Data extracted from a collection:

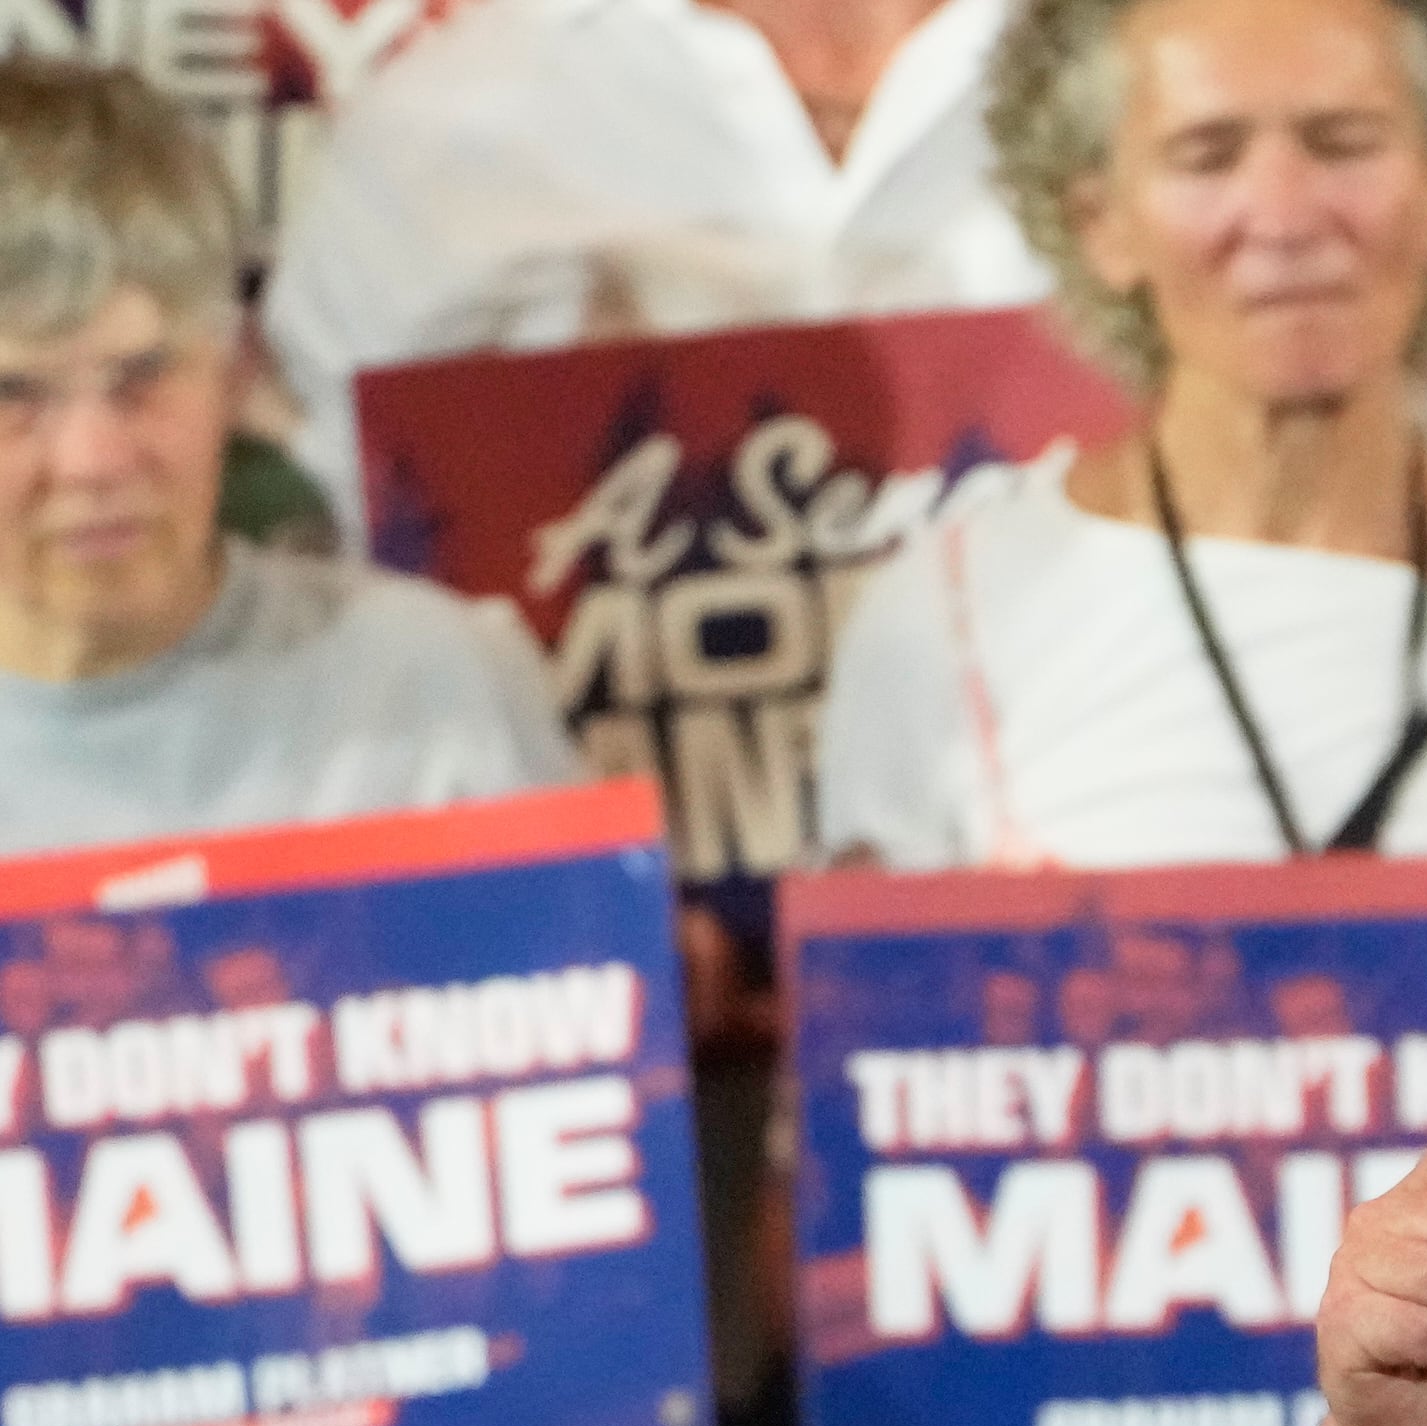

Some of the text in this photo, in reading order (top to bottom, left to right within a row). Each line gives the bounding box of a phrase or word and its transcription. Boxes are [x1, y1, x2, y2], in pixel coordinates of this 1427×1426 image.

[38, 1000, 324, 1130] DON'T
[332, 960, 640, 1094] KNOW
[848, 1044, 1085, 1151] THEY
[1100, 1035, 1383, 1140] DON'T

● **Task prompt**: Repeat every entry exactly, but leave out the pictures.

● **Exercise response**:
Some of the text in this photo, in reading order (top to bottom, left to right within a row). Each line gives the bounding box of a phrase or word and its transcription. Boxes are [x1, y1, x2, y2], in pixel coordinates of this 1427×1426 image.

[38, 1000, 324, 1130] DON'T
[332, 960, 640, 1094] KNOW
[848, 1044, 1085, 1151] THEY
[1100, 1035, 1383, 1140] DON'T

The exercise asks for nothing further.